Entries supplied: Begin
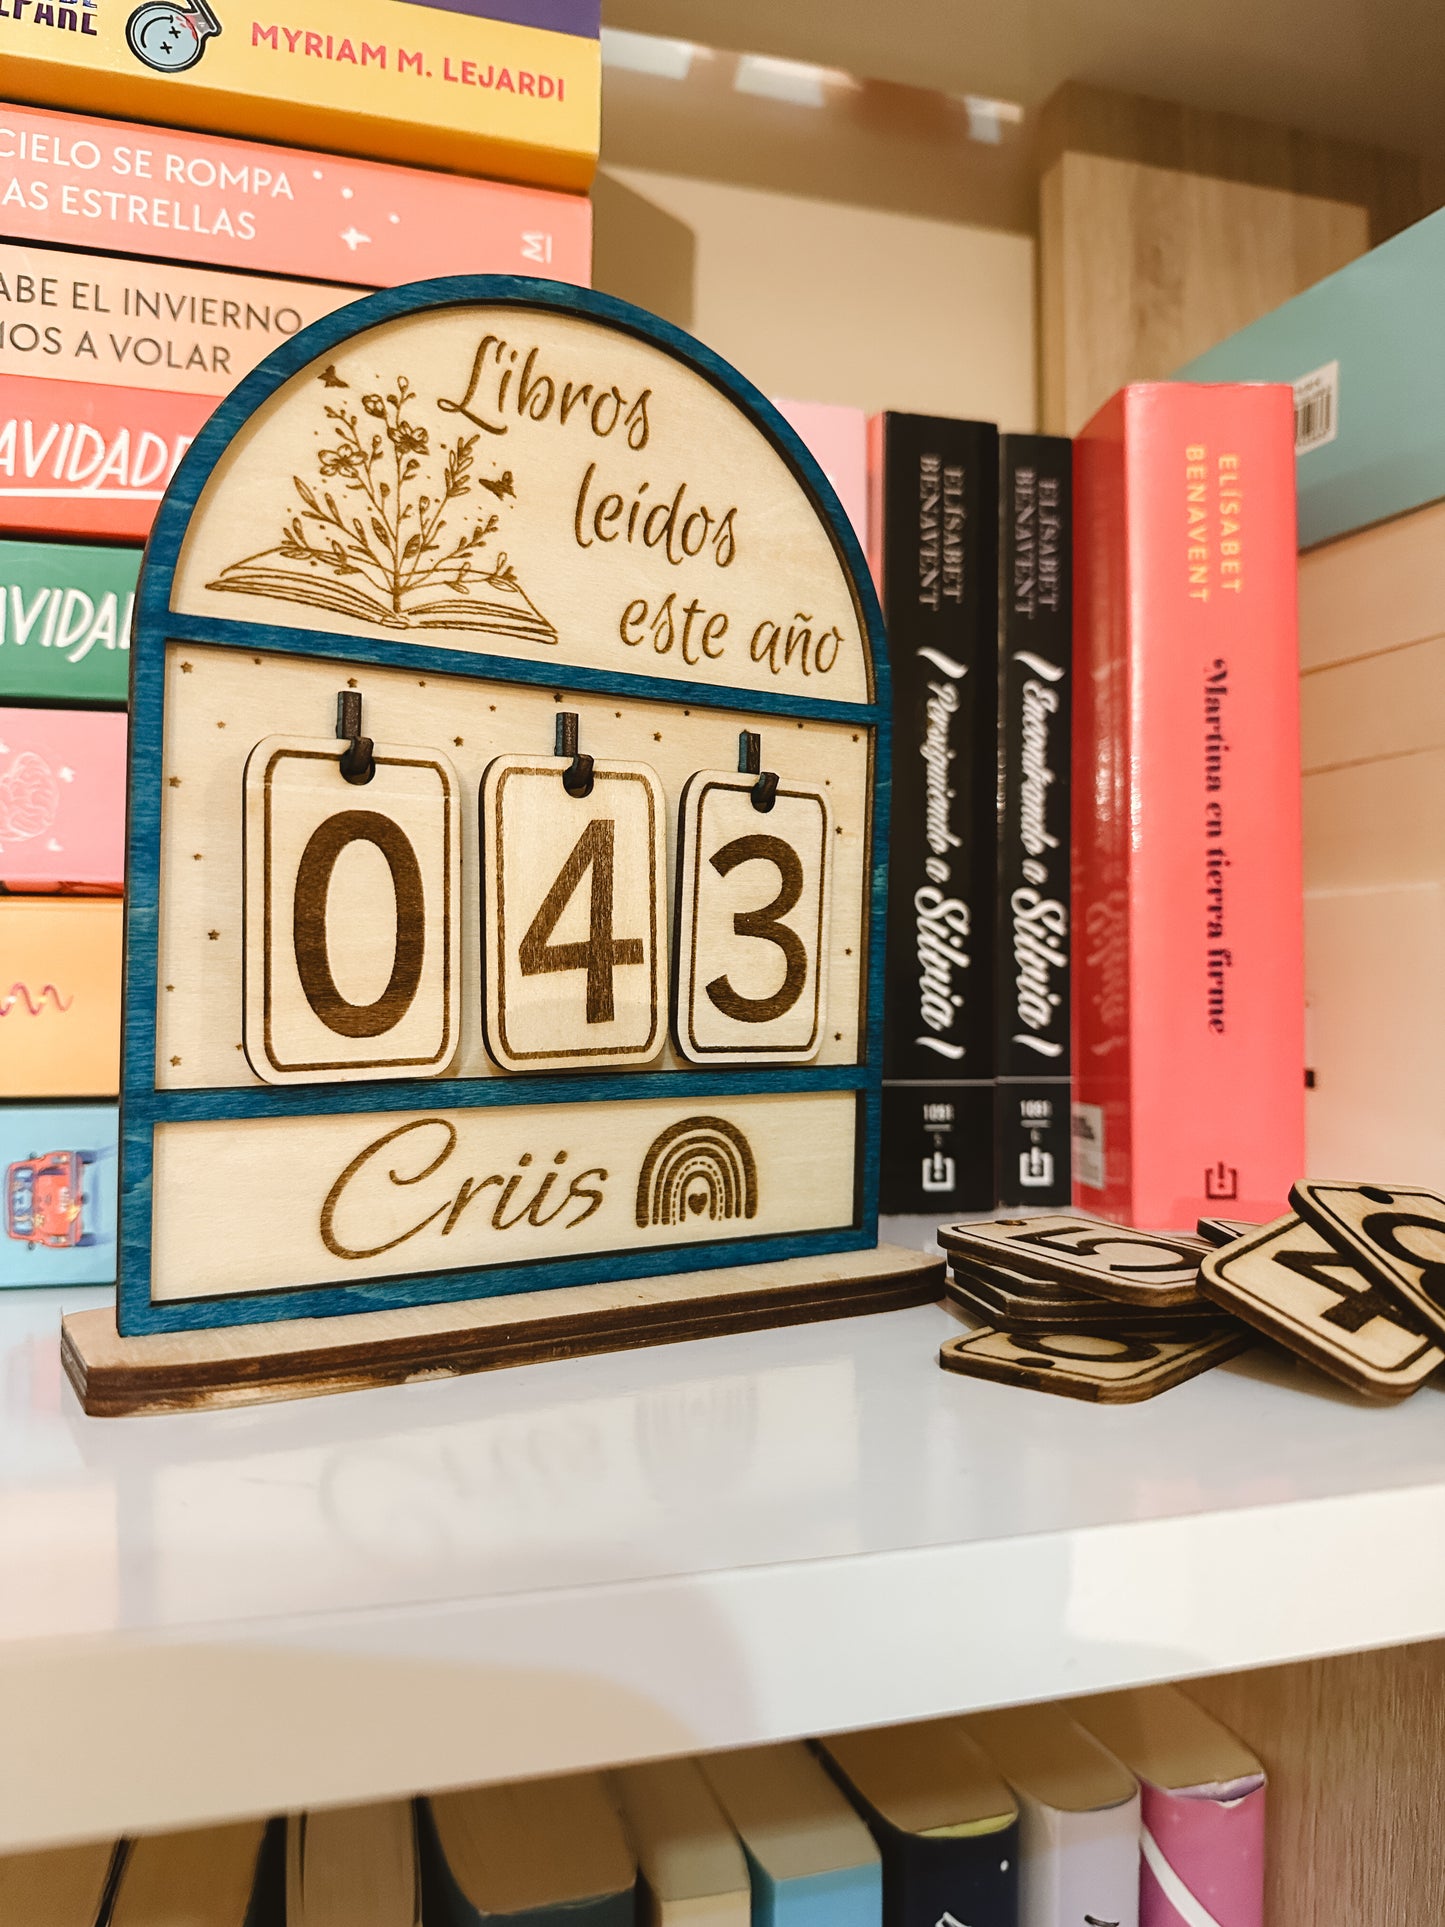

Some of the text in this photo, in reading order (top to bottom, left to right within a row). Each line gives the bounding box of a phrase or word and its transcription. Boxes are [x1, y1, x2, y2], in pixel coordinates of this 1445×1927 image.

[252, 22, 565, 102] MYRIAM M. LEJARDI
[61, 185, 257, 240] ESTRELLAS
[111, 146, 153, 179] SE
[165, 153, 295, 201] ROMPA
[0, 320, 232, 375] OS A VOLAR
[72, 281, 111, 313] EL
[123, 288, 303, 336] INVIERNO
[437, 335, 653, 451] Libros
[574, 463, 738, 568] leídos
[919, 453, 942, 611] BENAVENT
[1014, 466, 1037, 619] BENAVENT
[1185, 444, 1209, 602] BENAVENT
[0, 585, 136, 663] VIDA
[619, 592, 845, 677] este año
[926, 856, 951, 884] a
[1022, 858, 1049, 886] a
[1205, 658, 1232, 1035] Martina en tierra firme
[914, 885, 971, 1031] Silvia
[1010, 886, 1068, 1030] Silvia
[320, 1117, 609, 1260] Criis
Entries supplied: End
- _Requirement_: The entries above need to be printed again exactly; please exclude all pictures.

- _Exercise answer_:
Some of the text in this photo, in reading order (top to bottom, left to right within a row). Each line gives the bounding box of a phrase or word and its transcription. Boxes are [x1, y1, x2, y2], in pixel coordinates of this 1445×1927 image.

[252, 22, 565, 102] MYRIAM M. LEJARDI
[61, 185, 257, 240] ESTRELLAS
[111, 146, 153, 179] SE
[165, 153, 295, 201] ROMPA
[0, 320, 232, 375] OS A VOLAR
[72, 281, 111, 313] EL
[123, 288, 303, 336] INVIERNO
[437, 335, 653, 451] Libros
[574, 463, 738, 568] leídos
[919, 453, 942, 611] BENAVENT
[1014, 466, 1037, 619] BENAVENT
[1185, 444, 1209, 602] BENAVENT
[0, 585, 136, 663] VIDA
[619, 592, 845, 677] este año
[926, 856, 951, 884] a
[1022, 858, 1049, 886] a
[1205, 658, 1232, 1035] Martina en tierra firme
[914, 885, 971, 1031] Silvia
[1010, 886, 1068, 1030] Silvia
[320, 1117, 609, 1260] Criis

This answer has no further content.